The measure aimed to create a new merit-based visa program, appropriate $25 billion for border security, and sought to end family separation at the border by allowing children to remain in DHS custody for longer than 20 days and mandating that their parents be held in DHS custody rather than DOJ custody if they are being prosecuted for border crossing. It also allocated money for family detention centers.
House leaders had twice delayed a vote on the bill, which was initially set for last Thursday. While Republicans sought to gain more support for the bill this past week, President Trump never publicly expressed his support of the measure until Wednesday, despite pressuring members to throw their support behind it in closed-door meetings.
Last week he even tweeted urging the House to "stop wasting their time" on an immigration bill until after the midterm elections.

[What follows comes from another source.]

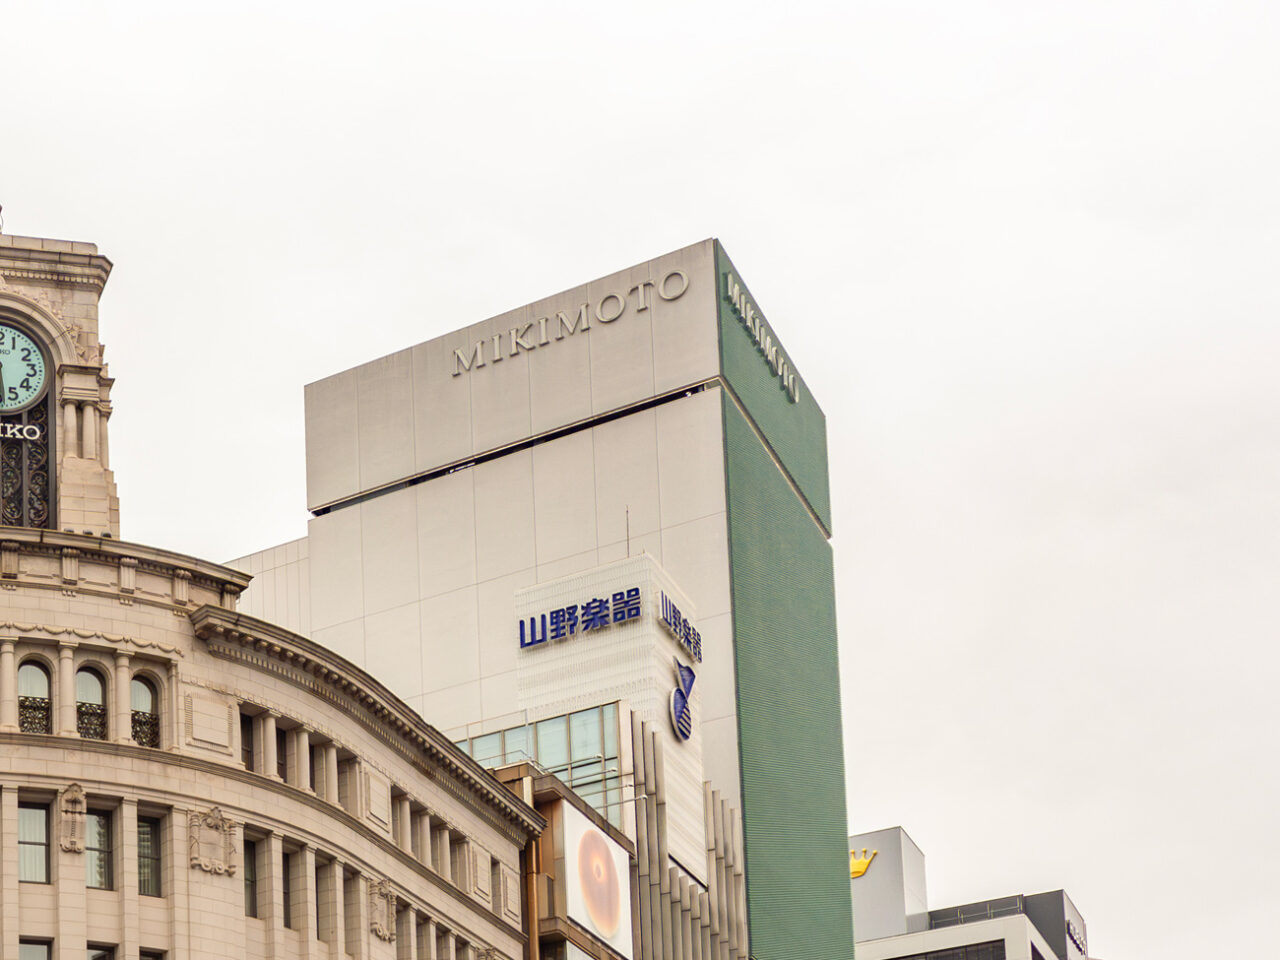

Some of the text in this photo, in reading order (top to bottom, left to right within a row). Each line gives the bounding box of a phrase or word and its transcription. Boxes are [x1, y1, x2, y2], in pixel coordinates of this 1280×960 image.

Early Wednesday morning, however, he tweeted in a last ditch effort, in all caps, that Republicans should pass the "strong but fair immigration bill" and that passage would show "we want strong borders and security while the Dems want open borders = crime."
After Wednesday's failure in the House, it is unlikely that the House will now move to take up a narrow bill dealing with family separation before they leave tomorrow afternoon for a weeklong recess, according to multiple congressional aides. Members are still working with the White House to figure out what exactly the president would sign. That is not clear right now.
CBS News' Rebecca Kaplan contributed to this report.
This is a developing story.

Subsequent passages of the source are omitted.